*EXERCISE DESCRIPTION:* The whole listing needs retyping exactly; keep the pictures out of it.

*SOURCE MATERIAL:*
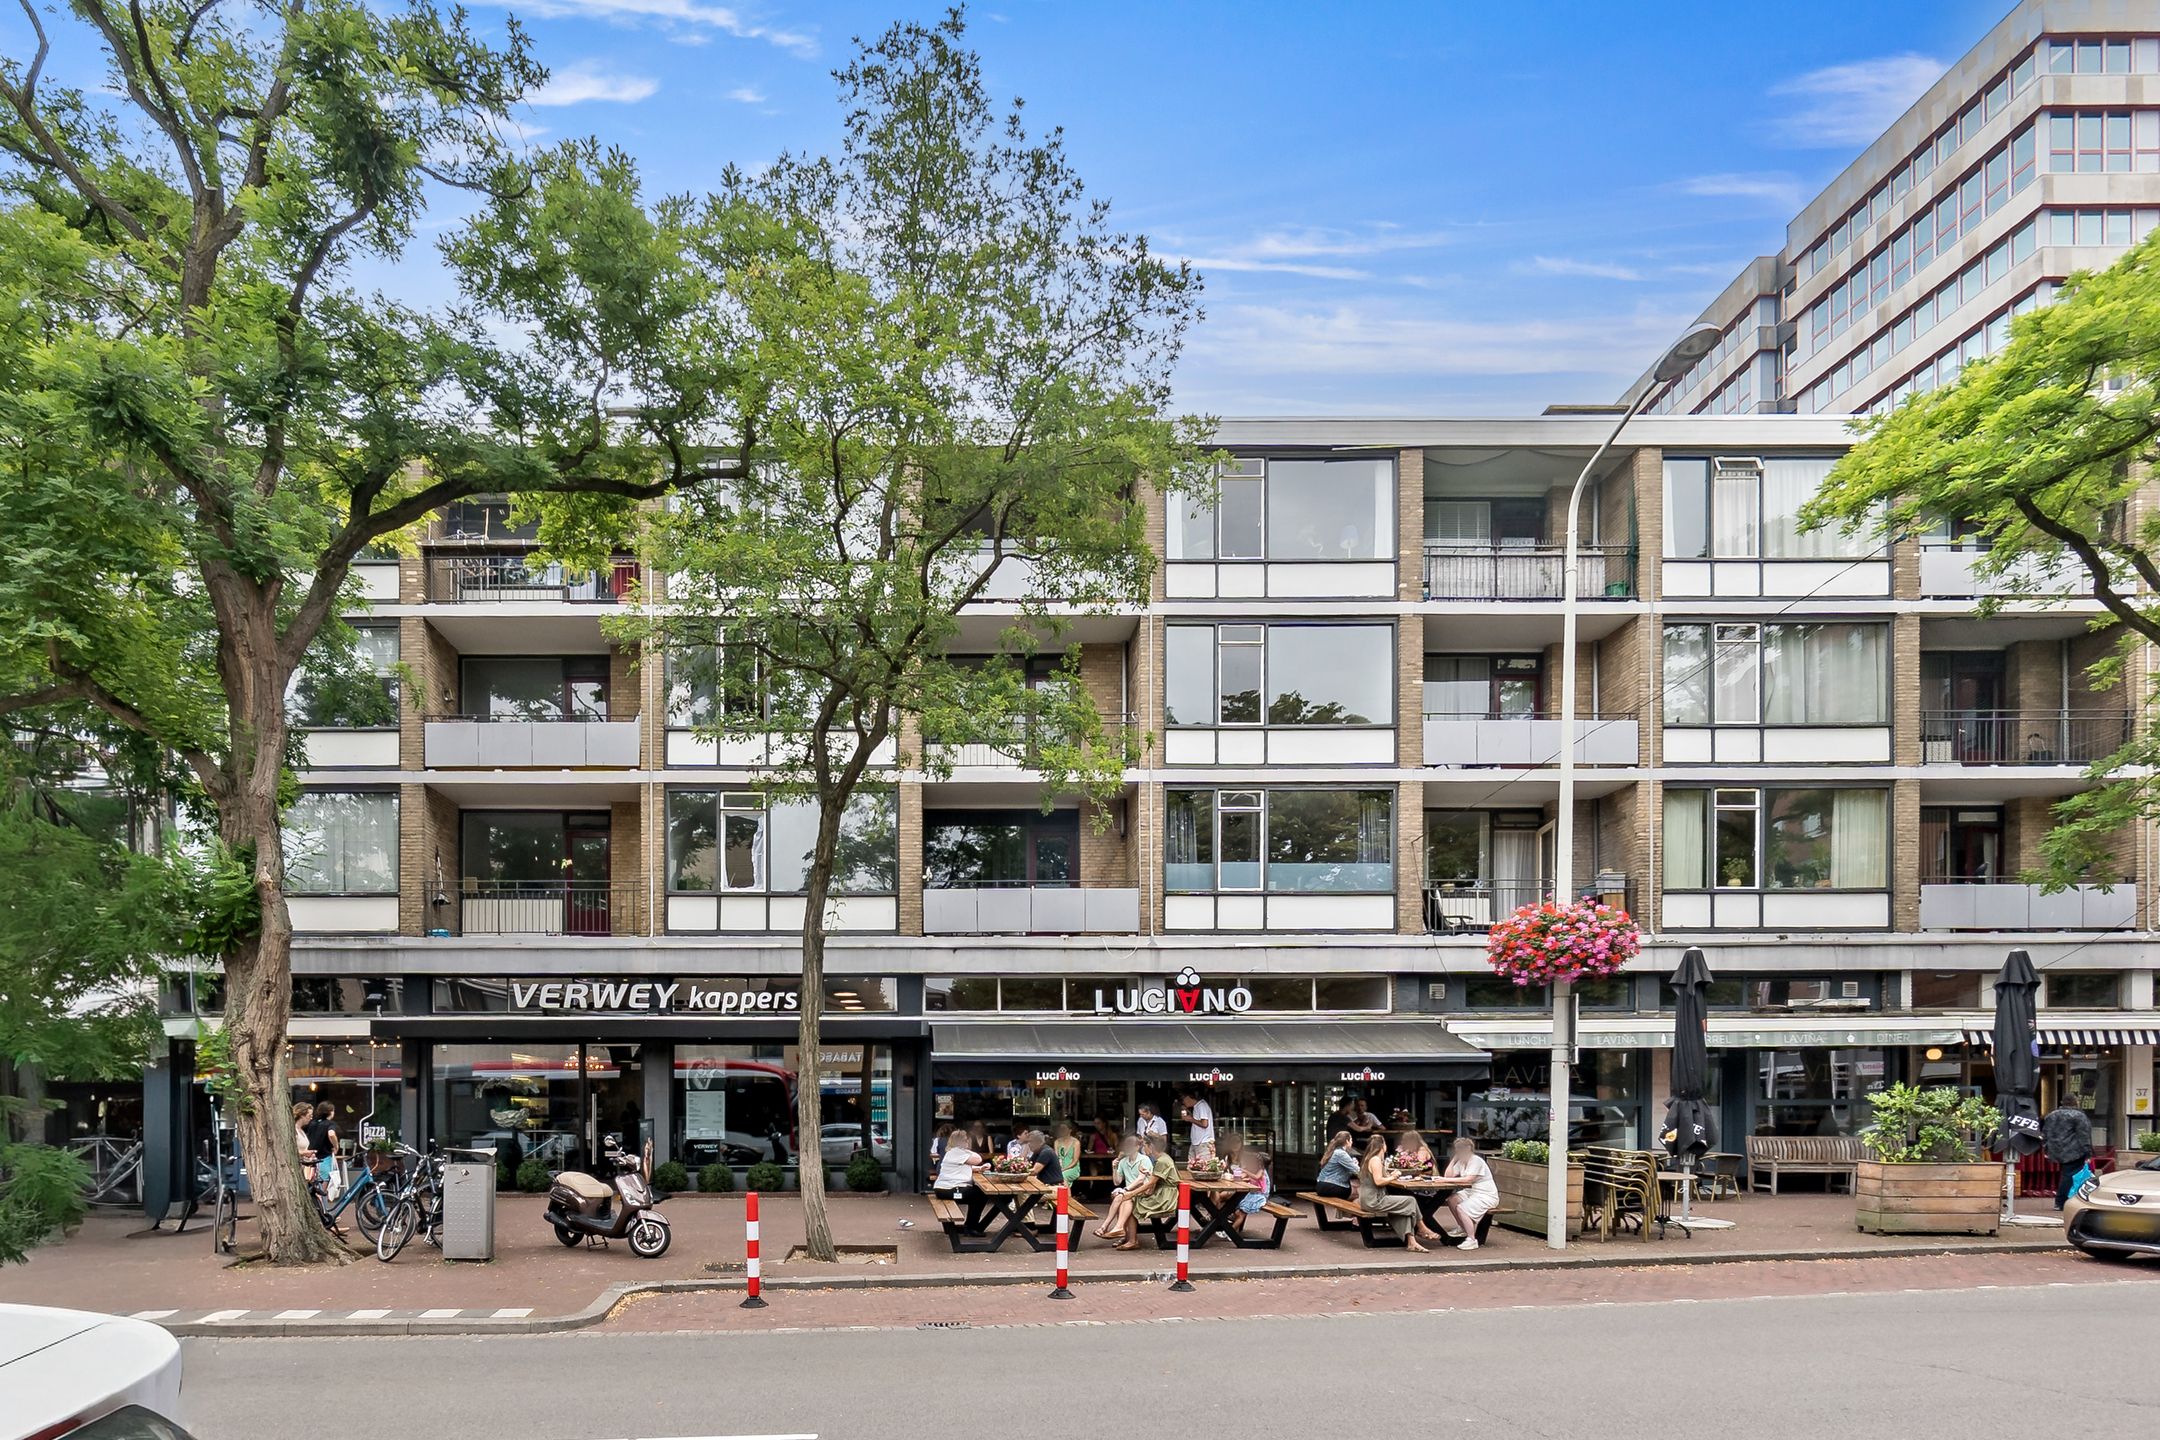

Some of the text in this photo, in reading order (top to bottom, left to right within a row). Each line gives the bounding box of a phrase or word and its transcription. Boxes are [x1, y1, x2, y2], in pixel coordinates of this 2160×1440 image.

[512, 983, 797, 1014] VERWEY kappers
[1095, 988, 1252, 1013] LUCIANO
[1508, 1036, 1547, 1046] LUNCH
[1706, 1034, 1732, 1045] RREL
[1876, 1033, 1911, 1043] DINER
[1492, 1065, 1585, 1085] LAVIA
[2008, 1114, 2040, 1131] FFE
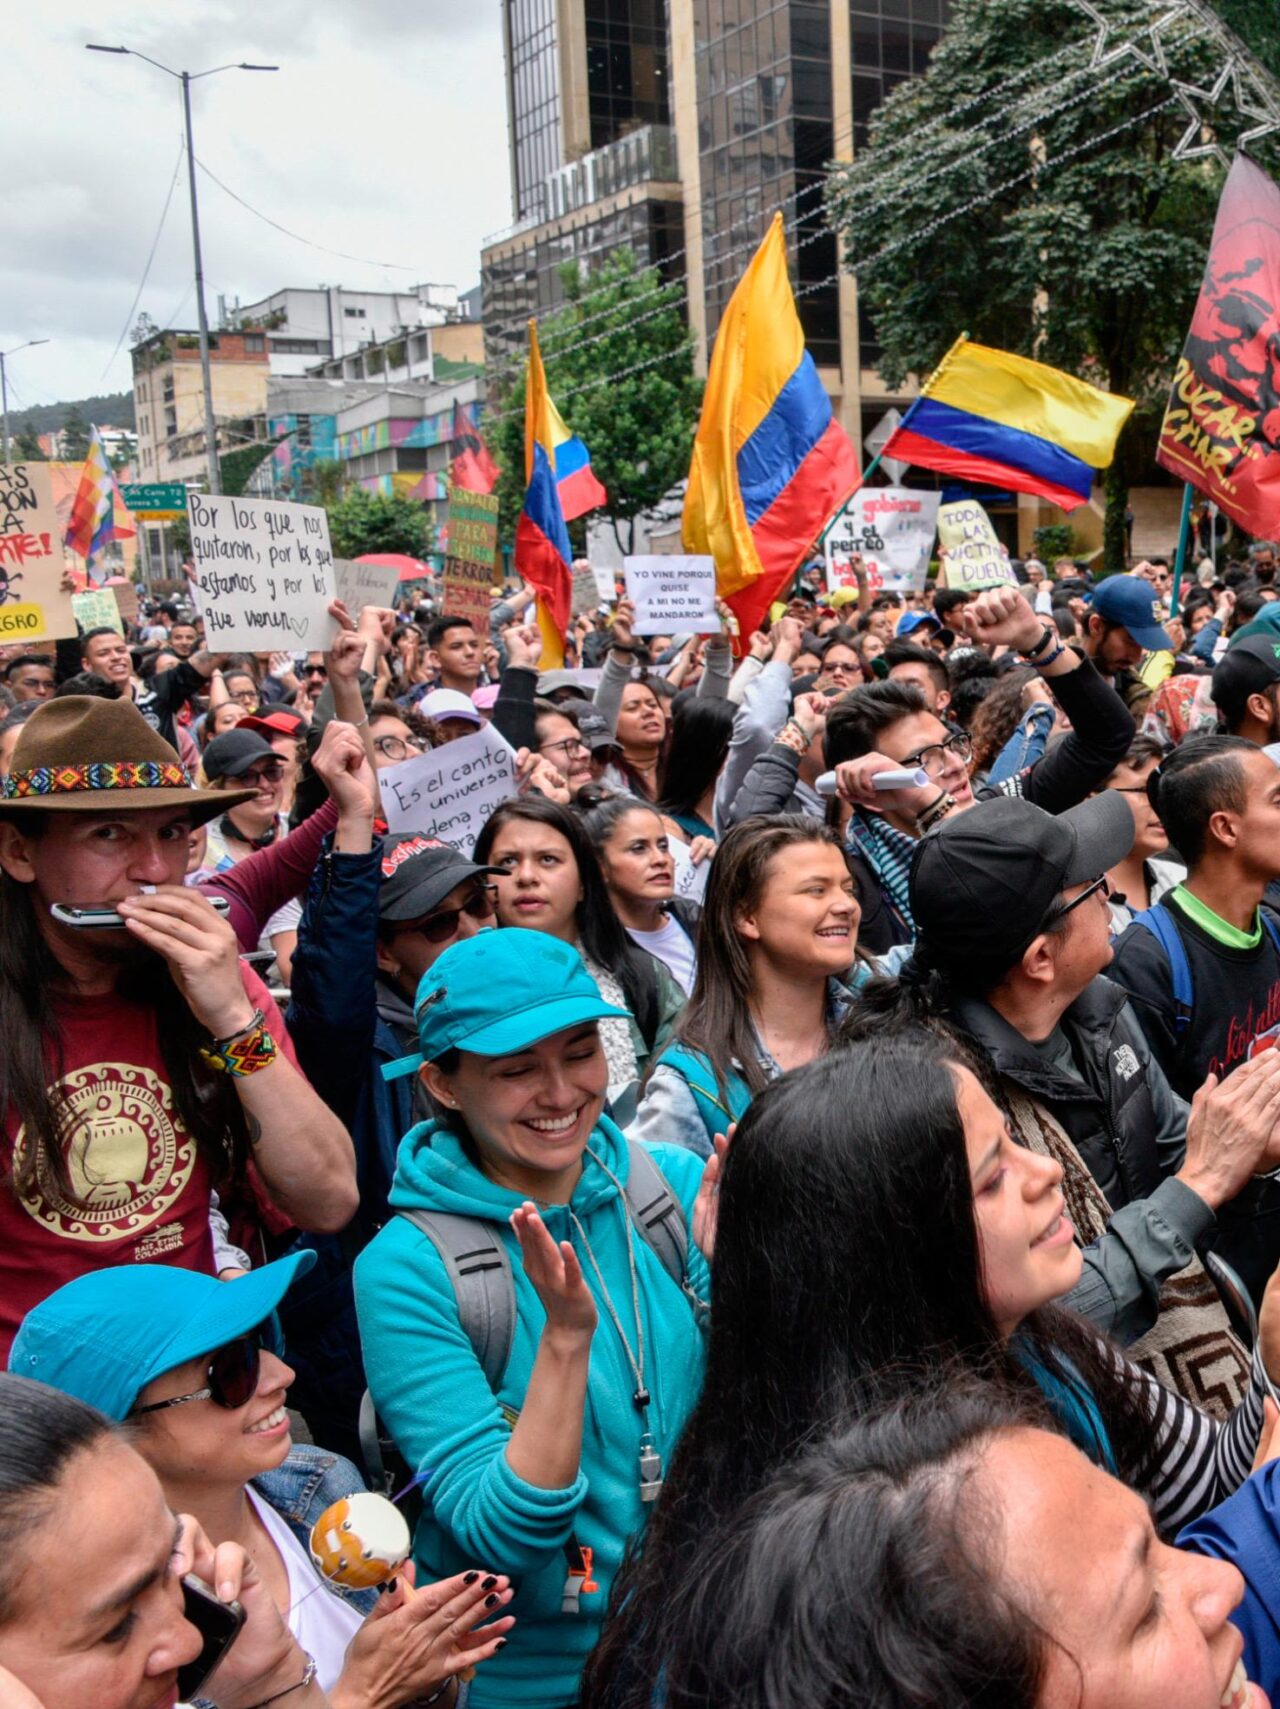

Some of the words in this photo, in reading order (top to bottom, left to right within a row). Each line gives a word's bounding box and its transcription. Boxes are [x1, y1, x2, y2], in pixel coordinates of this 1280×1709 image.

[189, 494, 219, 528] Por
[231, 501, 257, 530] los
[264, 511, 294, 540] que
[303, 515, 323, 539] nos
[269, 545, 291, 568] por
[297, 538, 312, 566] los
[315, 548, 332, 572] que
[446, 556, 493, 581] TERROR
[200, 571, 257, 599] estamos
[267, 579, 276, 601] y
[284, 578, 302, 595] por
[313, 574, 327, 595] los
[660, 584, 689, 592] QUISE
[205, 607, 236, 632] que
[649, 611, 704, 619] MANDARON
[427, 769, 443, 793] el
[451, 746, 507, 782] canto
[429, 755, 516, 810] universal
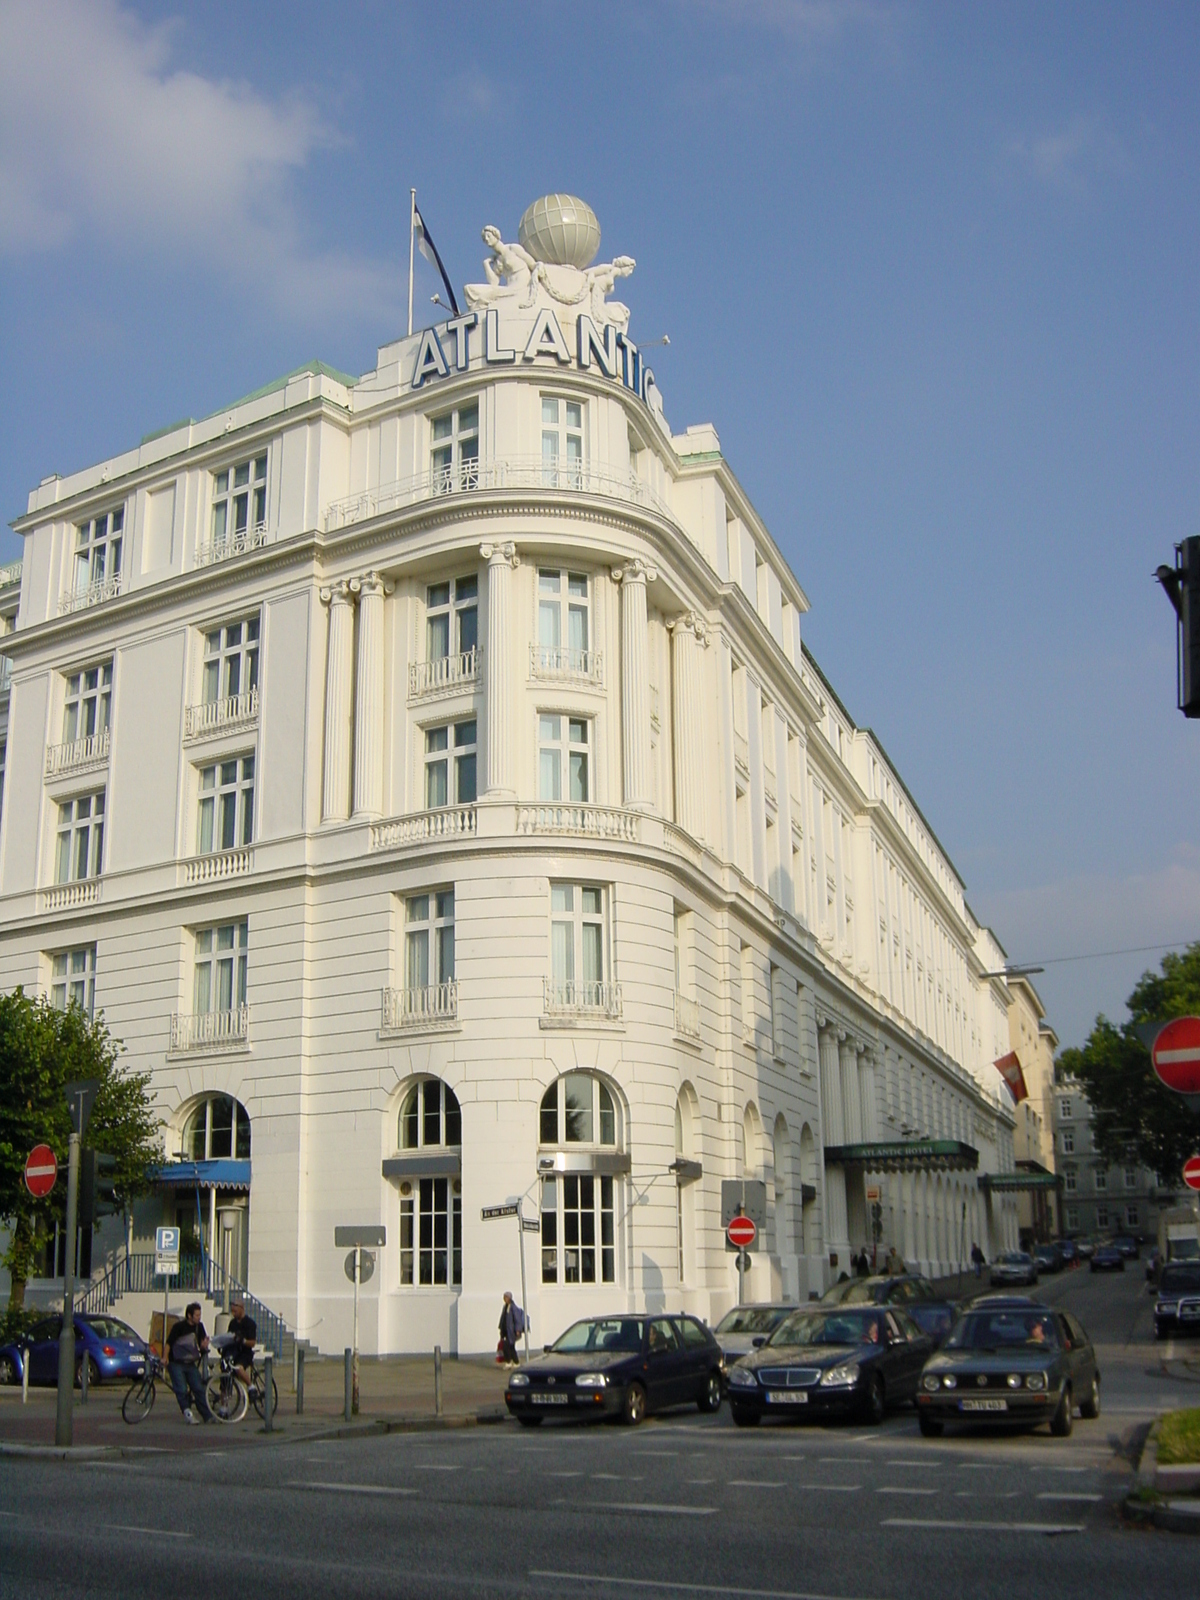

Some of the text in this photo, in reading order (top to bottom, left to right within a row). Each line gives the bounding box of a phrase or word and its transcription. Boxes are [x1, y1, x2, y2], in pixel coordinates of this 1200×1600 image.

[412, 308, 656, 412] ATLANTIC
[861, 1146, 934, 1157] ATLANTIC HOTEL
[501, 1207, 516, 1215] Alster
[162, 1230, 174, 1248] P

*TASK SOLUTION:*
Some of the text in this photo, in reading order (top to bottom, left to right within a row). Each line gives the bounding box of a phrase or word and its transcription. Boxes are [x1, y1, x2, y2], in pixel coordinates of this 2160×1440 image.

[512, 983, 797, 1014] VERWEY kappers
[1095, 988, 1252, 1013] LUCIANO
[1508, 1036, 1547, 1046] LUNCH
[1706, 1034, 1732, 1045] RREL
[1876, 1033, 1911, 1043] DINER
[1492, 1065, 1585, 1085] LAVIA
[2008, 1114, 2040, 1131] FFE

Some of the words in this photo, in reading order (top to bottom, left to right within a row). Each line gives a word's bounding box and its transcription. Boxes are [x1, y1, x2, y2], in pixel coordinates of this 1280×1709 image.

[189, 494, 219, 528] Por
[231, 501, 257, 530] los
[264, 511, 294, 540] que
[303, 515, 323, 539] nos
[269, 545, 291, 568] por
[297, 538, 312, 566] los
[315, 548, 332, 572] que
[446, 556, 493, 581] TERROR
[200, 571, 257, 599] estamos
[267, 579, 276, 601] y
[284, 578, 302, 595] por
[313, 574, 327, 595] los
[660, 584, 689, 592] QUISE
[205, 607, 236, 632] que
[649, 611, 704, 619] MANDARON
[427, 769, 443, 793] el
[451, 746, 507, 782] canto
[429, 755, 516, 810] universal

Some of the text in this photo, in reading order (top to bottom, left to right within a row). Each line gives the bounding box of a phrase or word and its transcription. Boxes are [x1, y1, x2, y2], in pixel coordinates of this 1200×1600 image.

[412, 308, 656, 412] ATLANTIC
[861, 1146, 934, 1157] ATLANTIC HOTEL
[501, 1207, 516, 1215] Alster
[162, 1230, 174, 1248] P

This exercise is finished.